== Given data ==

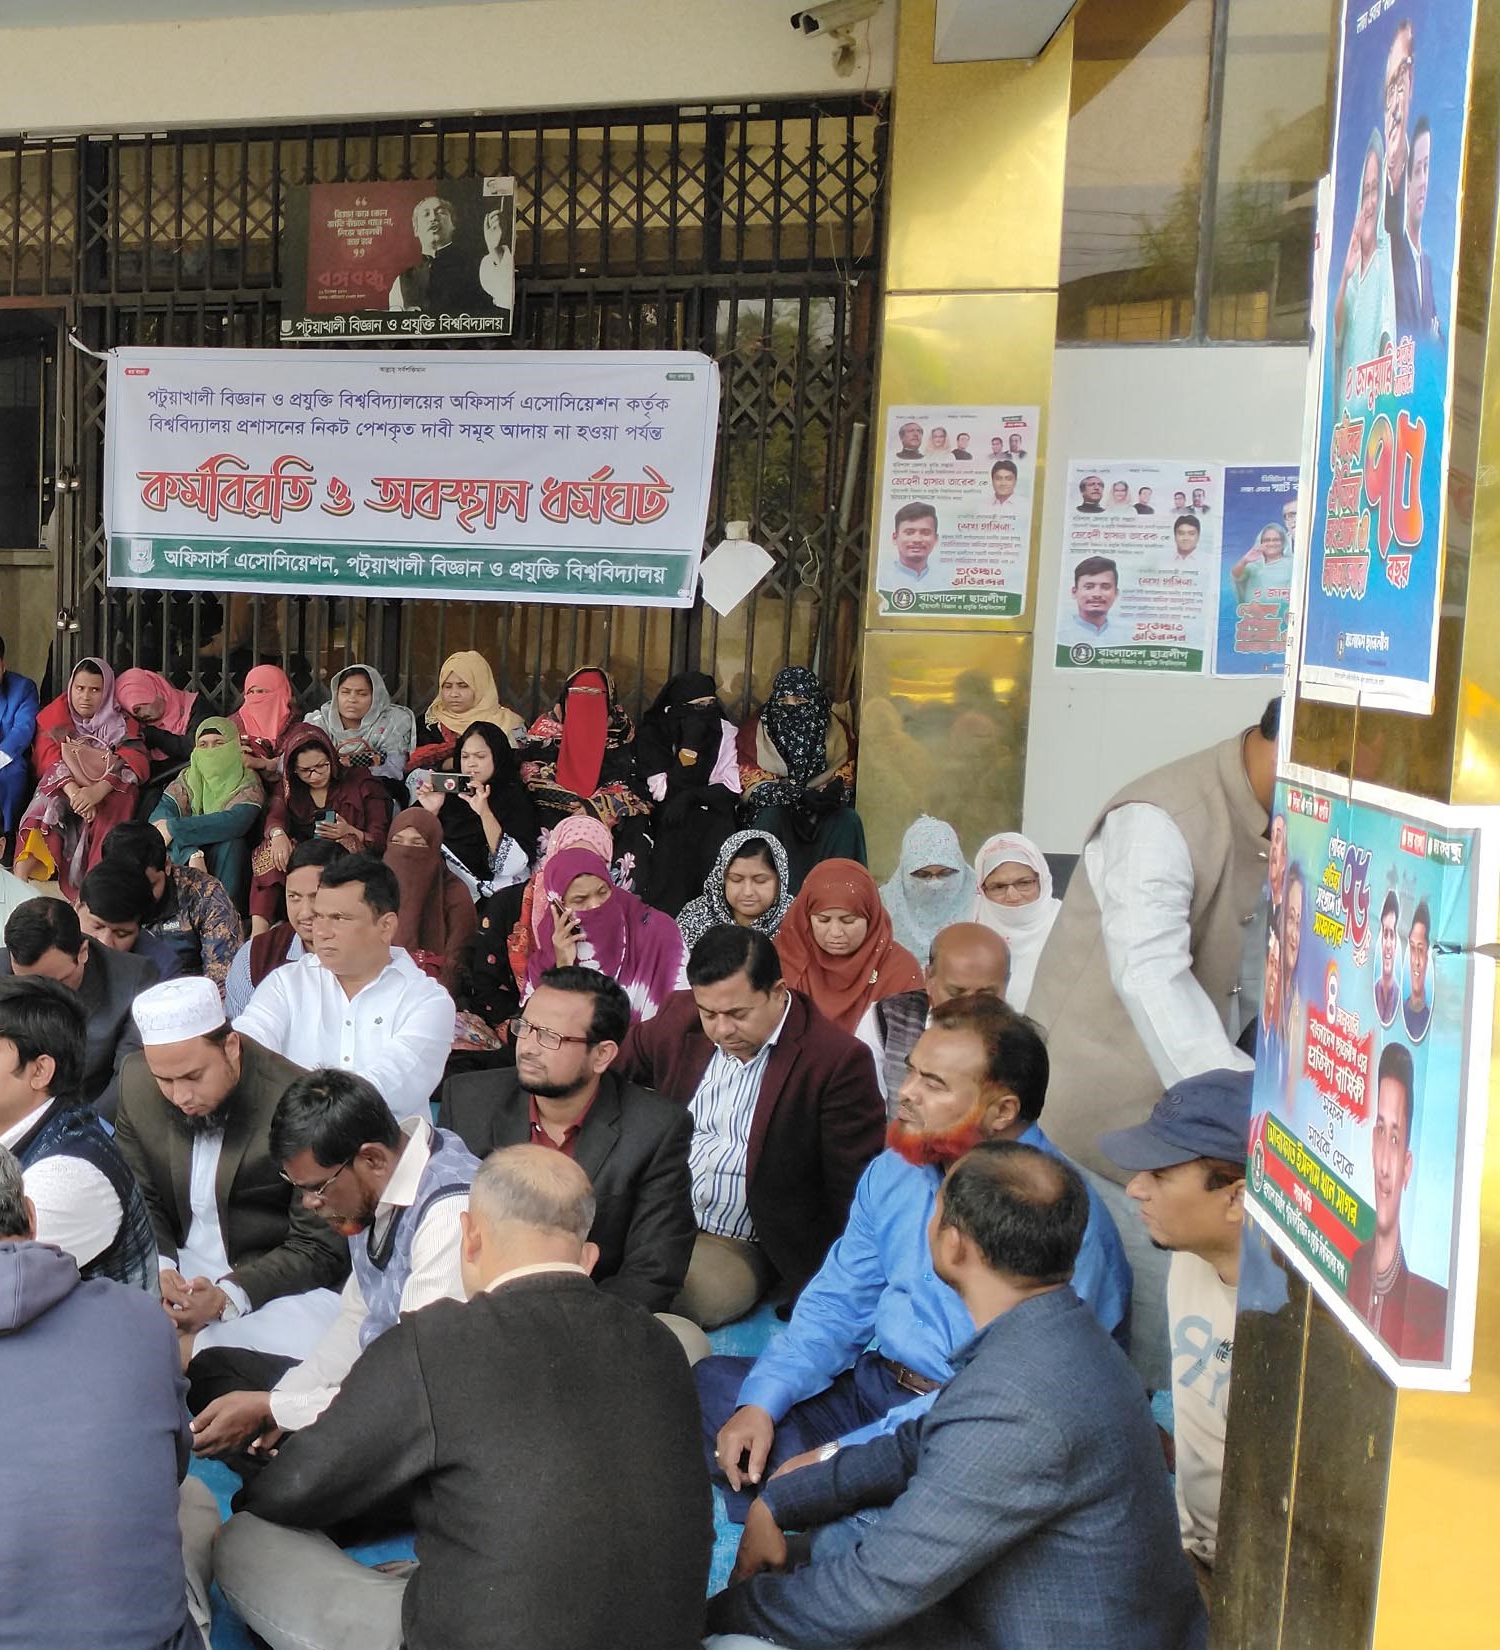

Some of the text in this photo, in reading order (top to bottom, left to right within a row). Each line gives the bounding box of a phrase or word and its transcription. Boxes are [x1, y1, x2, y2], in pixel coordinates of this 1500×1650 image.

[295, 313, 504, 338] পটুয়াখালী বিজ্ঞান ও প্রযুক্তি বিশ্ববিদ্যালয়
[1356, 342, 1394, 412] জানুয়ারি
[148, 387, 671, 419] পটুয়াখালী বিজ্ঞান ও প্রযুক্তি বিশ্ববিদ্যালয়ের অফিসার্স এসোসিয়েশন কর্তৃক
[149, 414, 664, 444] বিশ্ববিদ্যালয় প্রশাসনের নিকট পেশকৃত দাবী সমূহ আদায় না হওয়া পর্যন্ত
[136, 453, 674, 534] কর্মবিরতি ও অবস্থান ধর্মঘট
[1364, 409, 1427, 560] ৭৫
[164, 546, 668, 585] অফিসার্স এসোসিয়েশন, পটুয়াখালী বিজ্ঞান ও প্রযুক্তি বিশ্ববিদ্যালয়
[1386, 554, 1412, 589] বছর
[918, 592, 1007, 605] বাংলাদেশ ছাত্রলীগ
[1326, 974, 1338, 1025] ৪
[1310, 1018, 1368, 1075] বাংলাদেশ ছাত্রলীগ এর
[1307, 1044, 1366, 1106] প্রতিষ্ঠা বার্ষিকী
[1322, 1094, 1345, 1128] সফল
[1327, 1122, 1334, 1141] ও
[1308, 1124, 1355, 1179] সার্থক হোক
[1267, 1120, 1359, 1229] আরাফাত ইসলাম খান সাগর
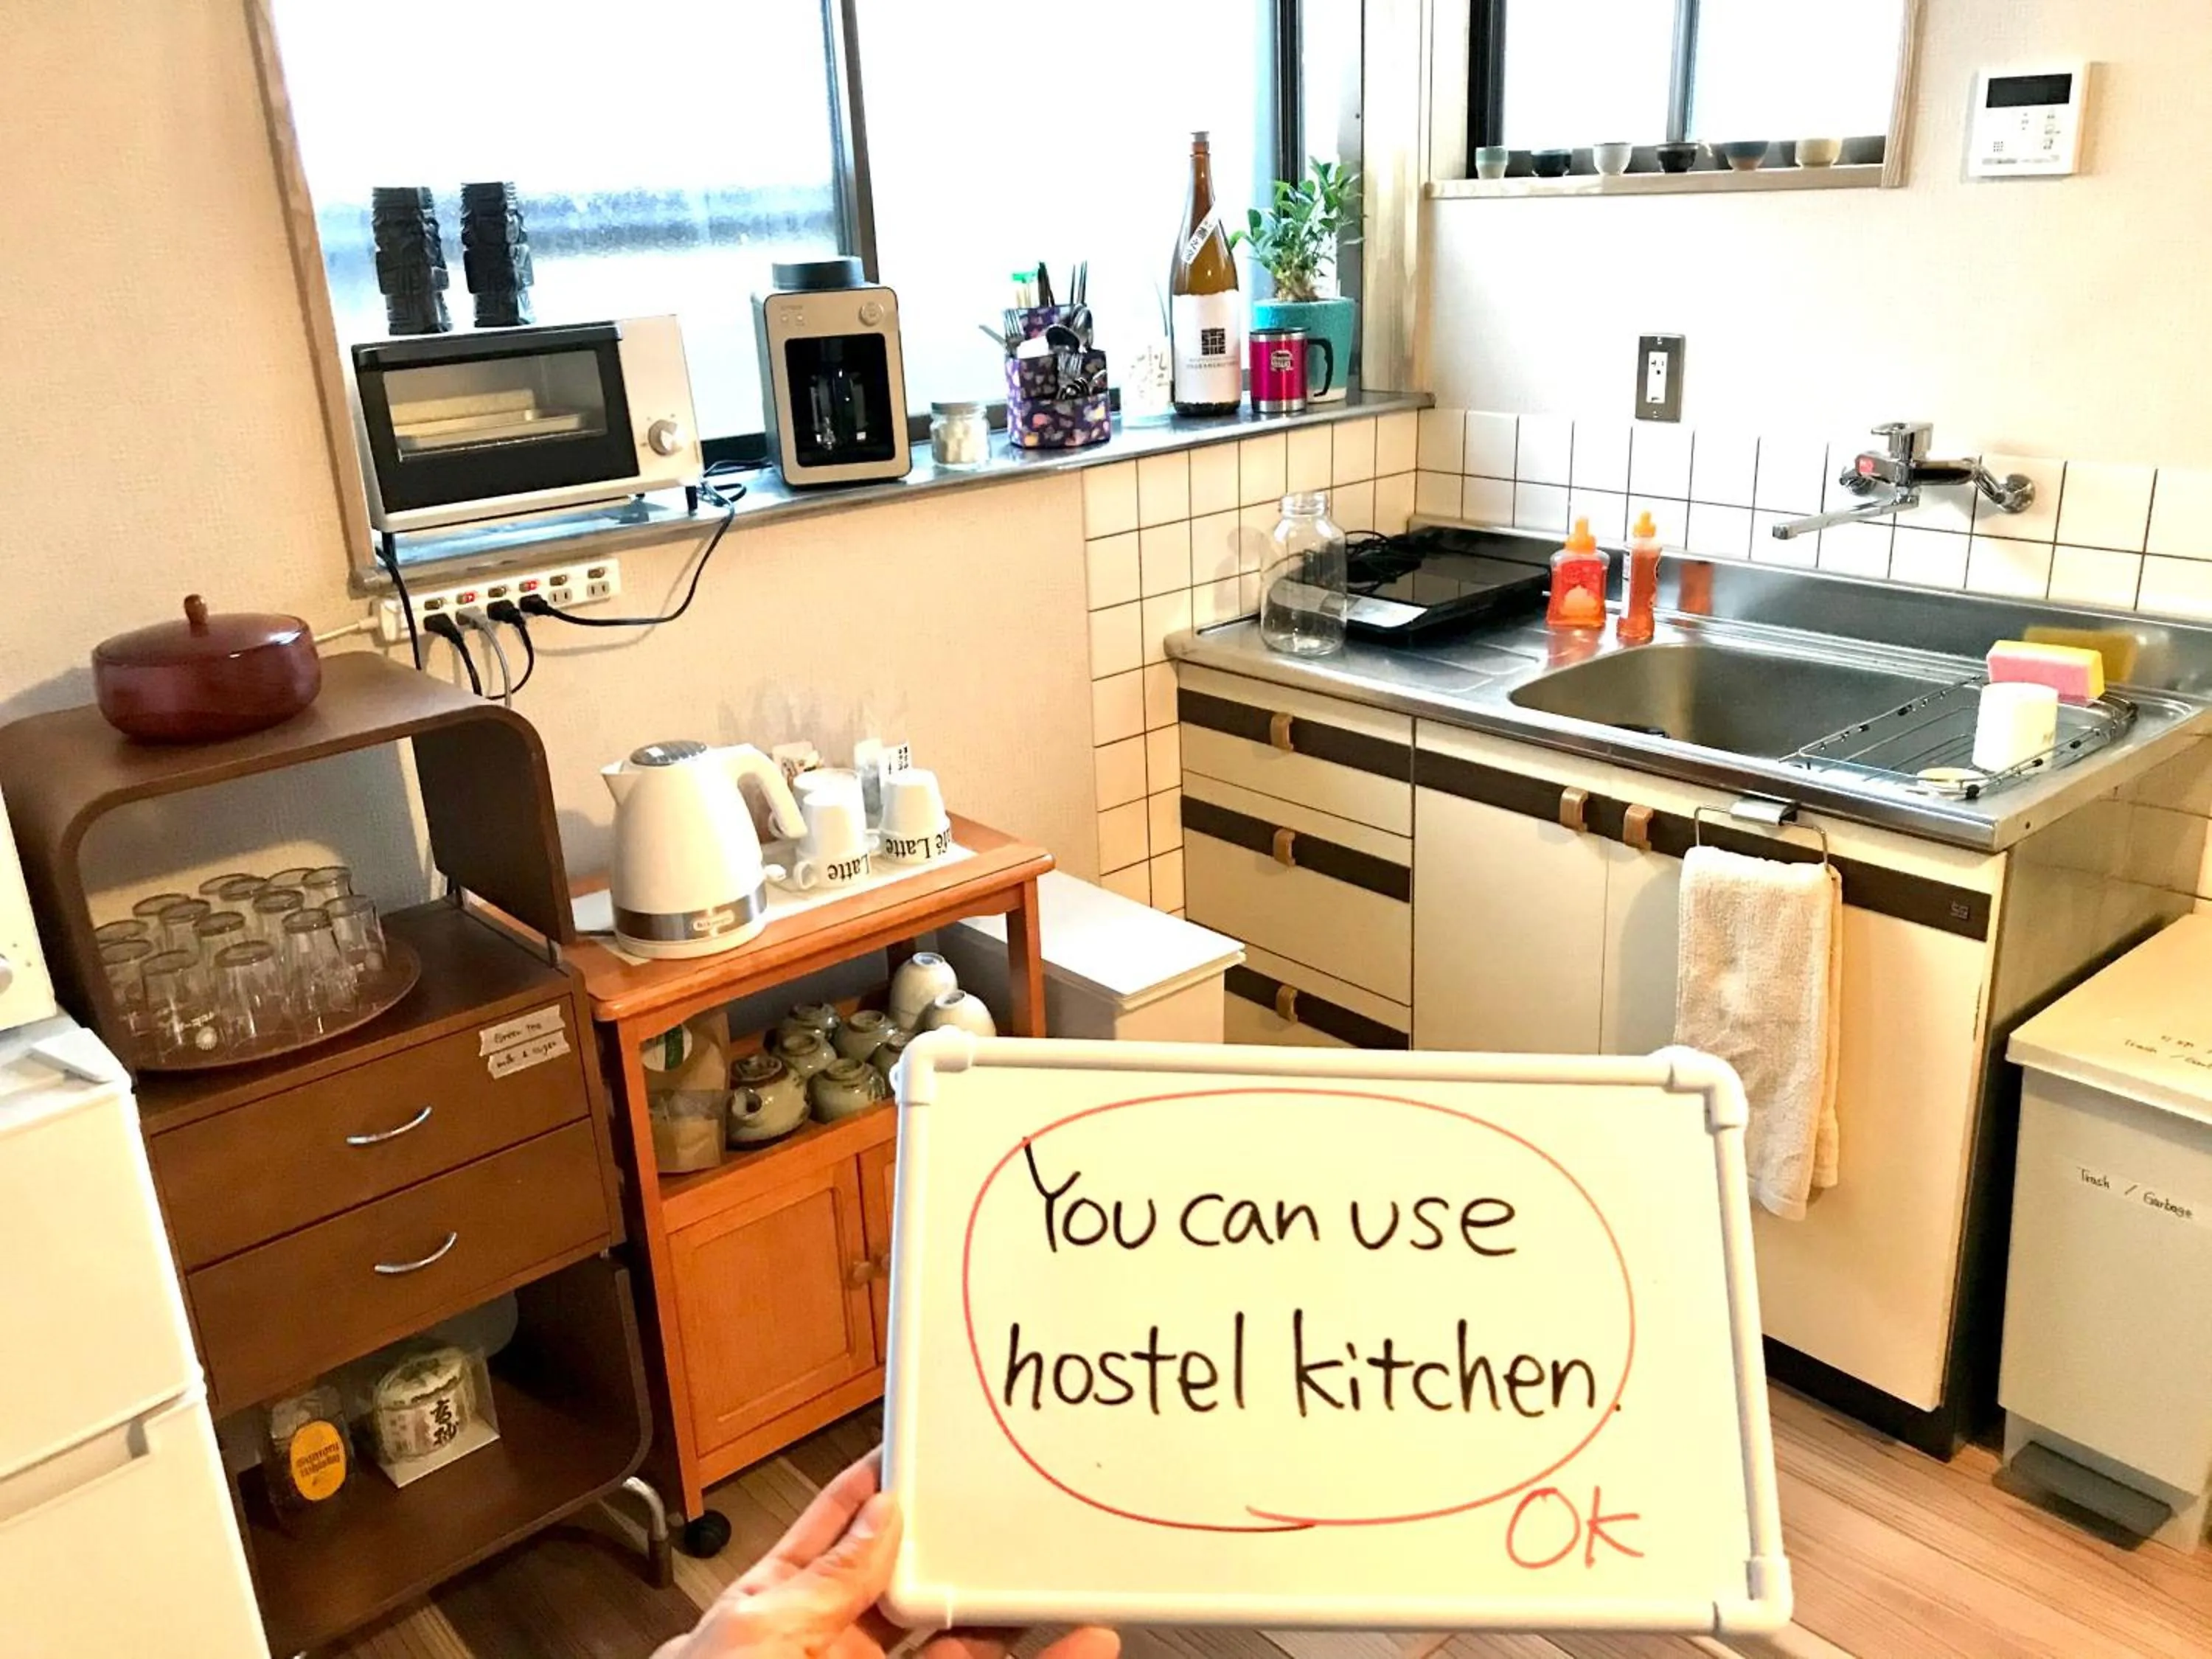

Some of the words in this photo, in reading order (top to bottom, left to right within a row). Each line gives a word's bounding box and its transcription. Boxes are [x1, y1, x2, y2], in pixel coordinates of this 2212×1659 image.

===

**Prompt**
Since the pictures are not wanted, transcribe only the rest of the material above, exactly as it stands.

**Answer box**
Some of the text in this photo, in reading order (top to bottom, left to right within a row). Each line gives the bounding box of a phrase or word and its transcription. Boxes are [x1, y1, x2, y2], in pixel coordinates of this 1500×1650 image.

[295, 313, 504, 338] পটুয়াখালী বিজ্ঞান ও প্রযুক্তি বিশ্ববিদ্যালয়
[1356, 342, 1394, 412] জানুয়ারি
[148, 387, 671, 419] পটুয়াখালী বিজ্ঞান ও প্রযুক্তি বিশ্ববিদ্যালয়ের অফিসার্স এসোসিয়েশন কর্তৃক
[149, 414, 664, 444] বিশ্ববিদ্যালয় প্রশাসনের নিকট পেশকৃত দাবী সমূহ আদায় না হওয়া পর্যন্ত
[136, 453, 674, 534] কর্মবিরতি ও অবস্থান ধর্মঘট
[1364, 409, 1427, 560] ৭৫
[164, 546, 668, 585] অফিসার্স এসোসিয়েশন, পটুয়াখালী বিজ্ঞান ও প্রযুক্তি বিশ্ববিদ্যালয়
[1386, 554, 1412, 589] বছর
[918, 592, 1007, 605] বাংলাদেশ ছাত্রলীগ
[1326, 974, 1338, 1025] ৪
[1310, 1018, 1368, 1075] বাংলাদেশ ছাত্রলীগ এর
[1307, 1044, 1366, 1106] প্রতিষ্ঠা বার্ষিকী
[1322, 1094, 1345, 1128] সফল
[1327, 1122, 1334, 1141] ও
[1308, 1124, 1355, 1179] সার্থক হোক
[1267, 1120, 1359, 1229] আরাফাত ইসলাম খান সাগর

Some of the words in this photo, in reading order (top to bottom, left to right within a row). Each line gives a word's bounding box and its transcription. Boxes are [x1, y1, x2, y2], in pixel coordinates of this 2212×1659 image.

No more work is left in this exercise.